(Text-to-region grounding data)
=======

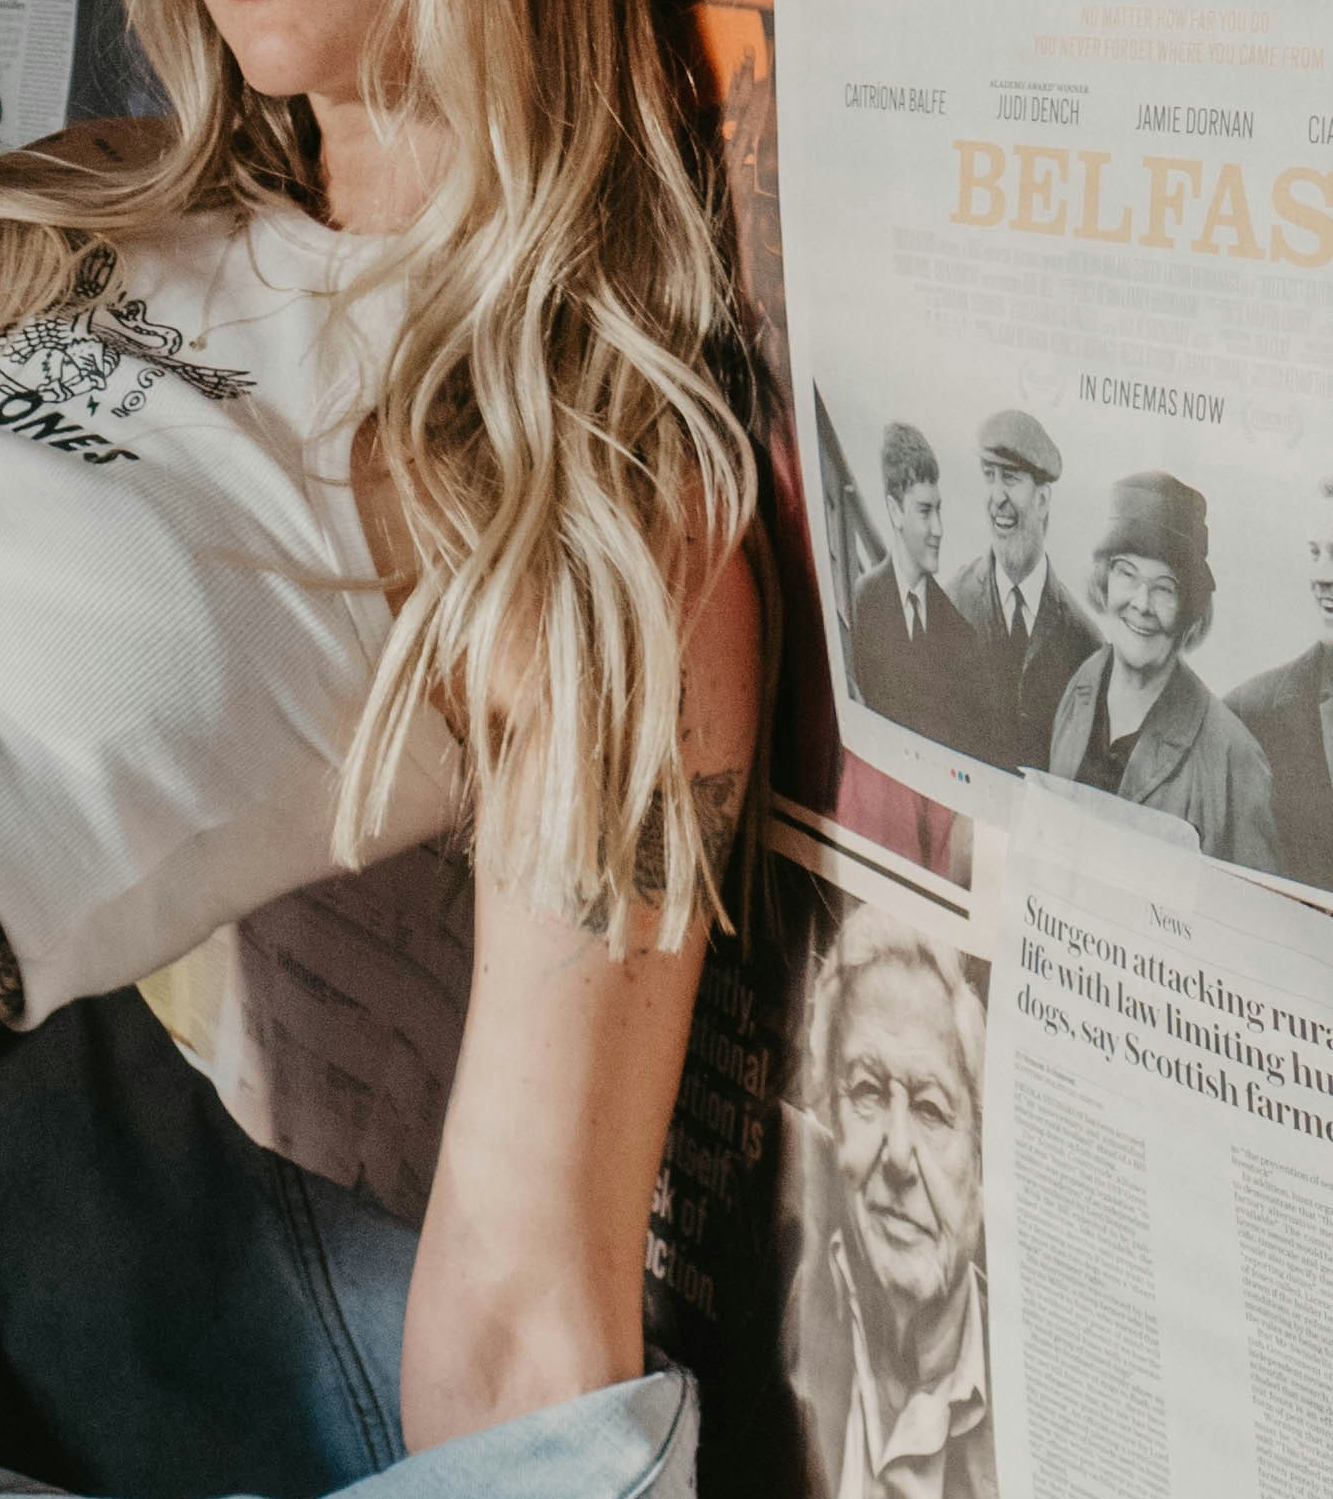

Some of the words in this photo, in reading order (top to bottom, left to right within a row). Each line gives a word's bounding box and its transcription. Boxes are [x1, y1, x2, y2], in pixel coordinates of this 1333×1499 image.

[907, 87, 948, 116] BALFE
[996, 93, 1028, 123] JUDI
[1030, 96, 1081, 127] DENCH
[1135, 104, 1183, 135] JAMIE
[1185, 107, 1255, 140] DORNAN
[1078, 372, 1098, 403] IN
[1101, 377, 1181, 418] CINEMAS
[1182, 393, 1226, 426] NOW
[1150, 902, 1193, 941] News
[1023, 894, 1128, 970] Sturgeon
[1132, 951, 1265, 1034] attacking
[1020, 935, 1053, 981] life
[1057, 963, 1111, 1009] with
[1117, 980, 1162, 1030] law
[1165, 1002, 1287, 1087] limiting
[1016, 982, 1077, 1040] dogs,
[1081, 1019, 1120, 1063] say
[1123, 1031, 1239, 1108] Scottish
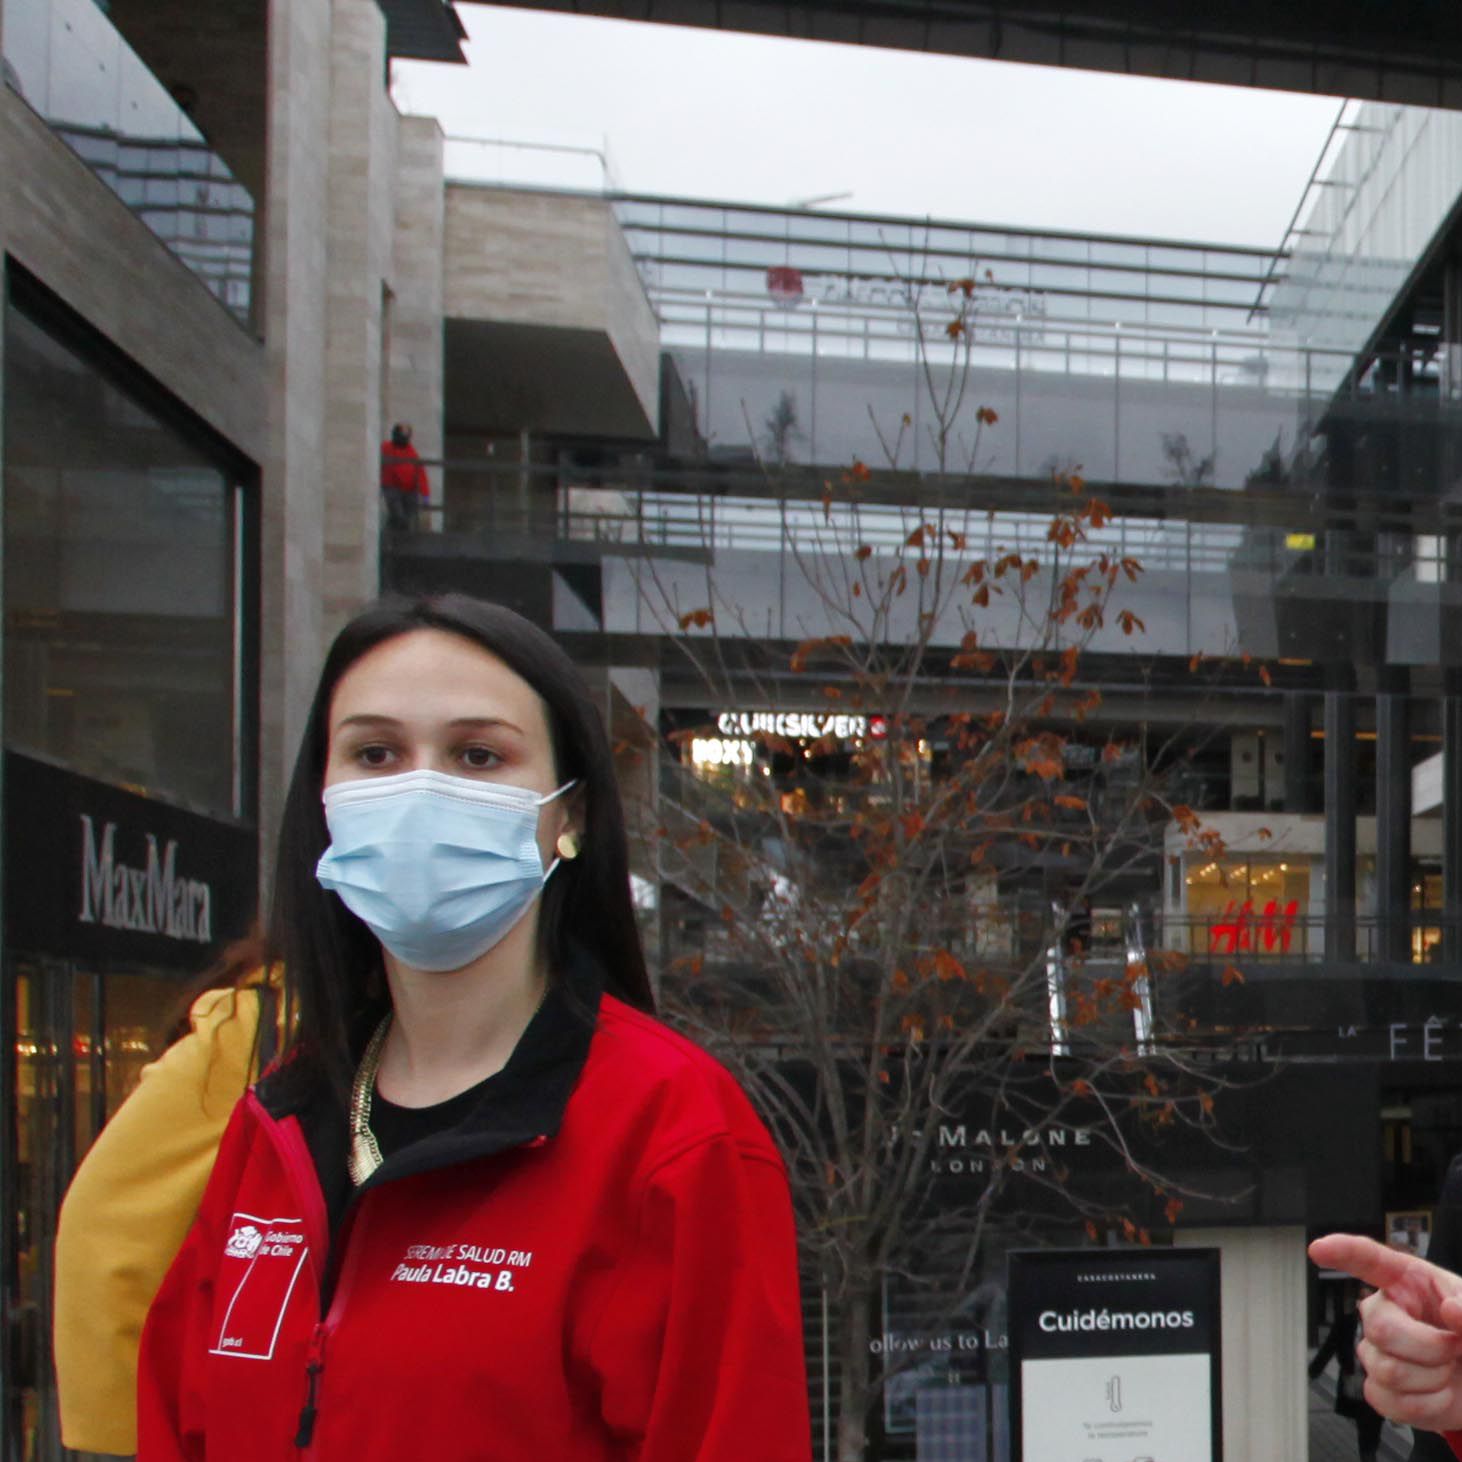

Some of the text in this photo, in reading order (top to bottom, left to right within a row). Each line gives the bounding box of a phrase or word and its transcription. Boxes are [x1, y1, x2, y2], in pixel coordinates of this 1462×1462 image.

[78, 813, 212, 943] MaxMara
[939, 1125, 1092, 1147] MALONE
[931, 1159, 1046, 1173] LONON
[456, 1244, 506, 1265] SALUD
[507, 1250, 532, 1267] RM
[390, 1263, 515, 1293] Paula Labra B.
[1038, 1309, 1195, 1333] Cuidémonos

=======

### THE TASK
From the line that contains "Some of the text" through the end of the records above, print every line exactly and nothing else.

### RESPONSE
Some of the text in this photo, in reading order (top to bottom, left to right within a row). Each line gives the bounding box of a phrase or word and its transcription. Boxes are [x1, y1, x2, y2], in pixel coordinates of this 1462×1462 image.

[78, 813, 212, 943] MaxMara
[939, 1125, 1092, 1147] MALONE
[931, 1159, 1046, 1173] LONON
[456, 1244, 506, 1265] SALUD
[507, 1250, 532, 1267] RM
[390, 1263, 515, 1293] Paula Labra B.
[1038, 1309, 1195, 1333] Cuidémonos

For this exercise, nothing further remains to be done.